Íntimas do universo infantojuvenil, as histórias em quadrinhos possuem função estritamente lúdica no imaginário da maioria dos leitores. Mas, apesar de o entretenimento ser o principal fim da maioria das HQs, existem obras que ultrapassam a ludicidade e se aventuram no campo das questões sociais — algumas inclusive se tornando marcos de seus respectivos debates.
Autores aclamados provam que há diversas maneiras de abordar temáticas sociais em histórias em quadrinhos. Há séries como X-men, que não abre mão de sua essência — priorizando a adesão das massas — e mesmo assim instiga discussões relevantes; por outro lado, obras como Maus e Notas de Um Tempo Silenciado possuem a crítica enraizada em sua natureza.
Um dos planos de fundo mais utilizados nos quadrinhos, o autoritarismo, pode ser instrumento de análise deste fenômeno. Waldomiro Vergueiro, doutor em Ciências da Comunicação pela Escola de Comunicações e Artes da USP, discorre acerca da relação entre o HQ mainstream e essa questão:
“Sendo fruto de uma indústria de produção massiva com origem no seio do capitalismo norte-americano, os quadrinhos mainstream tendem naturalmente a explorar temáticas que encontrem guarida entre os leitores, ou seja, aquelas que possam entusiasmar os fãs e fazer com que continuem adquirindo os produtos. No âmbito da indústria cultural, as tramas relacionadas ao autoritarismo terão proeminência”.
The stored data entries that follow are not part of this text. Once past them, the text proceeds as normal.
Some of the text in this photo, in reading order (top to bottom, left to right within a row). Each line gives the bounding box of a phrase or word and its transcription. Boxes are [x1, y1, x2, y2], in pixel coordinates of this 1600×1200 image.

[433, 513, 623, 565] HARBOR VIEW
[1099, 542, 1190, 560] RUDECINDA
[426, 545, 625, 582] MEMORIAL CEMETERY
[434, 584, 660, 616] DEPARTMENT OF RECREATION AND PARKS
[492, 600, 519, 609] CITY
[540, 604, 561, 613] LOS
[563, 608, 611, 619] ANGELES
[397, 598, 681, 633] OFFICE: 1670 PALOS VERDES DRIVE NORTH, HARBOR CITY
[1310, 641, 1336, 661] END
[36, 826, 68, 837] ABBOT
No caso de X-men, o principal fim não é a crítica social, mas sim as vendas. Ainda segundo Vergueiro, esse fenômeno se dá porque as proposições temáticas nem sempre nascem completas na indústria dos quadrinhos; mas vão sendo, muitas vezes, construídas ao longo do tempo:
“Assim, é preciso lembrar que, antes de se firmar como uma narrativa que explora questões de intolerância racial, com foque principal na perseguição a um grupo minoritário da sociedade — no caso, os mutantes —, pela maioria da sociedade, ela foi concebida como uma história de super-heróis comum ao modelo desse tipo de histórias que agradava aos leitores daquela época, a de heróis com problemas cotidianos e de relacionamento”.
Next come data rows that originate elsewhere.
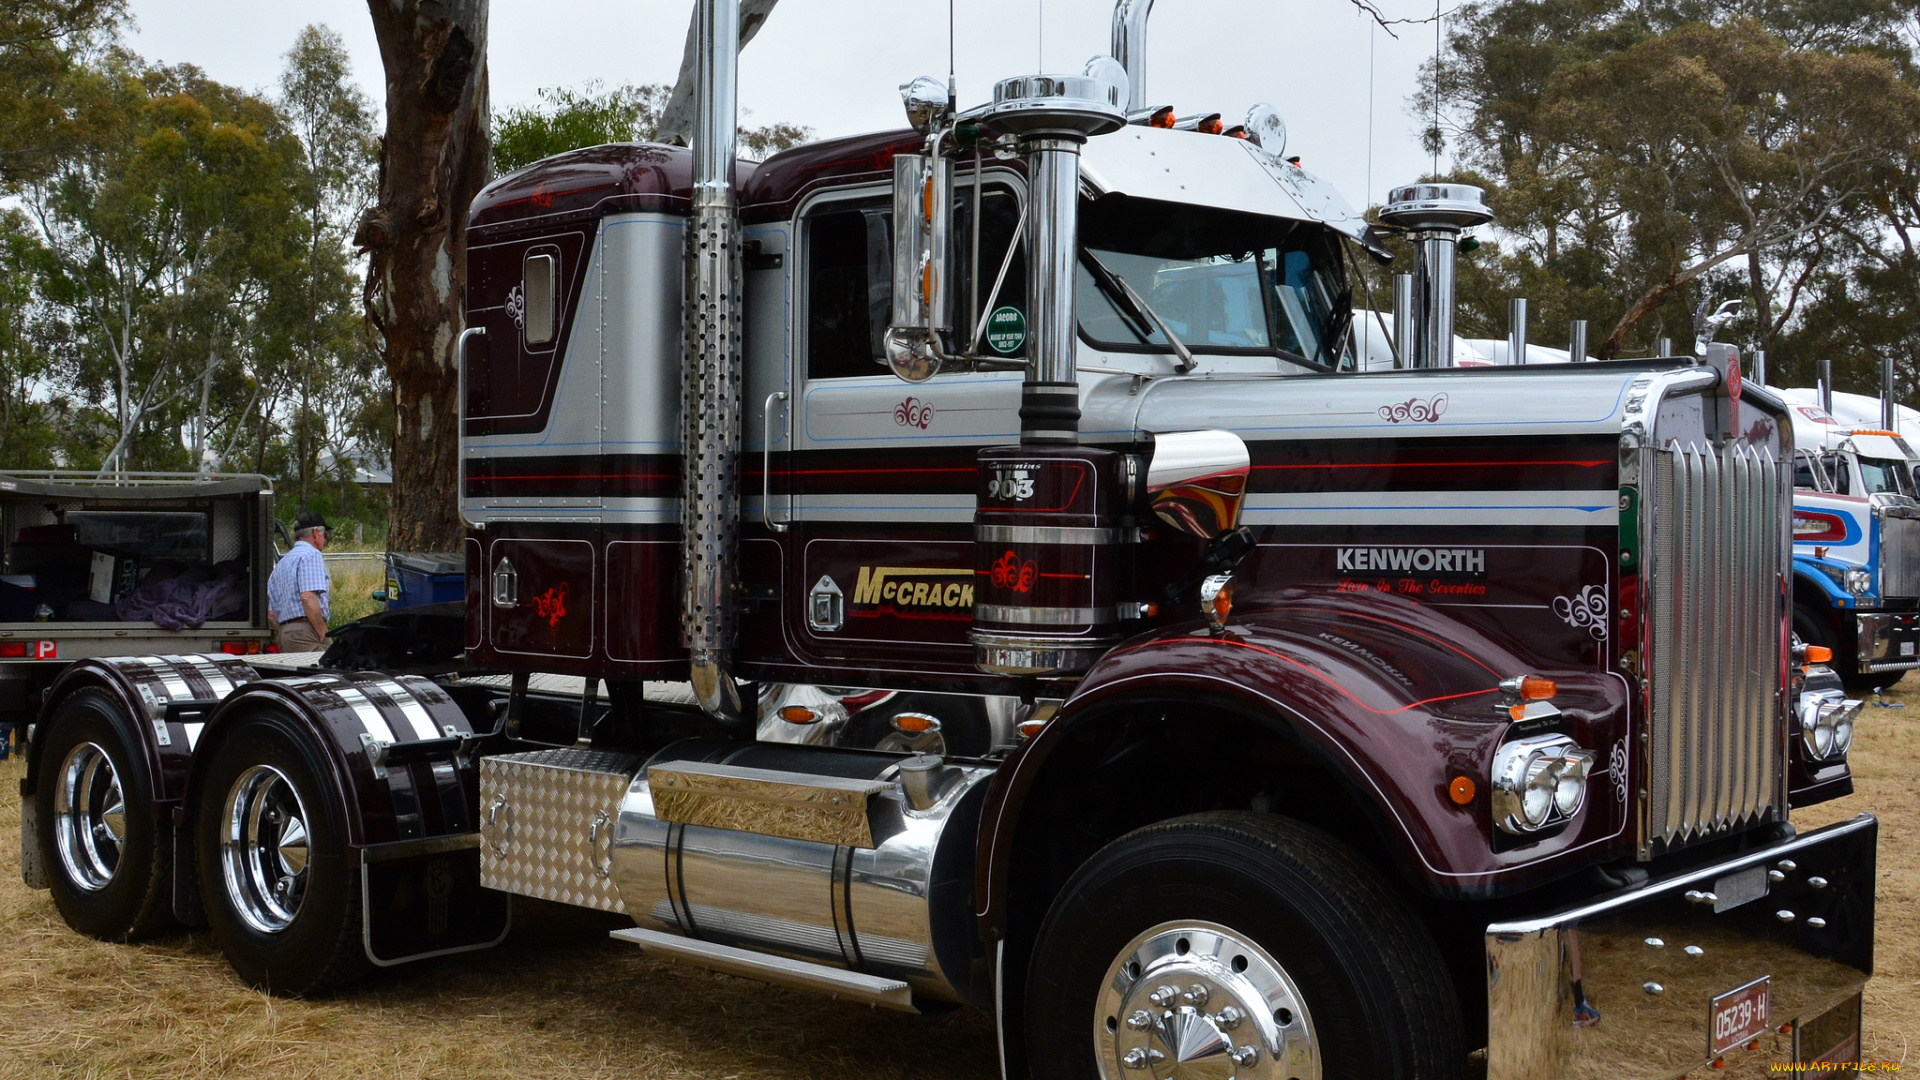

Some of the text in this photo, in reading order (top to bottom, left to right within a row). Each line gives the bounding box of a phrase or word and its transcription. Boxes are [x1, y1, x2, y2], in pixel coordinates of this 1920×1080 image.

[995, 312, 1017, 322] JACOBS
[988, 461, 1041, 470] Cummins
[988, 480, 1034, 498] 903
[1337, 548, 1485, 572] KENWORTH
[1336, 578, 1369, 592] Livin
[1398, 579, 1423, 593] The
[1428, 579, 1486, 594] Seventies
[40, 641, 54, 658] P
Vale sempre ressaltar que as histórias dos X-Men ainda são produzidas em consonância com a grande indústria de quadrinhos: mesmo que tratem de temas mais complexos e busquem ir além do herói contra vilão tradicional, continuam sendo produtos massivos, construídos no modelo de linha de produção, preocupados em manter a coerência com o restante da produção desses heróis.
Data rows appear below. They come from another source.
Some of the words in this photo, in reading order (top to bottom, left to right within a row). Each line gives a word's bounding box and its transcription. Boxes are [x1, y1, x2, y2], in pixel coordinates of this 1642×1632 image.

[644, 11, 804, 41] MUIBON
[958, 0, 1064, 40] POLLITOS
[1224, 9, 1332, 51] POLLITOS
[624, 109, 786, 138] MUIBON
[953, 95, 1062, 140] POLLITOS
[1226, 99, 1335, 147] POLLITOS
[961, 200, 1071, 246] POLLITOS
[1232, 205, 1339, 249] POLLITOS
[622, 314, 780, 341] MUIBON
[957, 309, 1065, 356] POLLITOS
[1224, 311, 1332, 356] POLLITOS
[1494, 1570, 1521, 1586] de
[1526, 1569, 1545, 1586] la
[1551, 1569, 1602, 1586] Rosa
Por outro lado, obras como Notas de um tempo Silenciado e Maus tratam-se de produções autorais. Essas, embora produzidas dentro dos parâmetros da indústria de massa, ou seja, moldadas para o consumo, se destacam por uma visão pessoal do autor no tratamento da temática social (o autoritarismo de Estado), como aponta Waldomiro Vergueiro:
“No caso desses formatos, o papel do autor é muito mais determinante, pois ele está muito menos vulnerável às demandas do mercado e às pressões de um diretor editorial, de um diretor comercial, de um diretor de marketing, etc.”.
Apesar das maneiras distintas de se abordar questões socialmente relevantes, percebemos um aumento geral na produção de obras com esse caráter. Isso se dá, segundo o especialista, porque a evolução do meio social permitiu o aparecimento de novos gêneros quadrinísticos que fogem do simples entretenimento, tomando rumo pelo campo da reflexão e da crítica social.
“As possibilidades oferecidas pela linguagem dos quadrinhos para exploração e aplicação no amplo espectro social, felizmente, são hoje em dia muito mais evidentes e aceitas tanto pelo lado do produtor como do consumidor de quadrinhos”, aponta o pesquisador.
Idealizadores de obras como X-men, Maus e Notas de Um Tempo Silenciado provam que é possível produzir conteúdo crítico sem perder o tal “apelo de mercado”. E o público consumidor dessas séries também possuem papel importante ao indicar que a sociedade do século XXI está pronta para degustar este novo tipo produto.
“Os autores souberam construir uma narrativa que consegue se situar, ao mesmo tempo, tanto dentro como acima das demandas comerciais. E, por outro lado, deve-se ter em mente que essas obras constituem produções que refletem o amadurecimento do público consumidor de quadrinhos”, completa Waldomiro Vergueiro.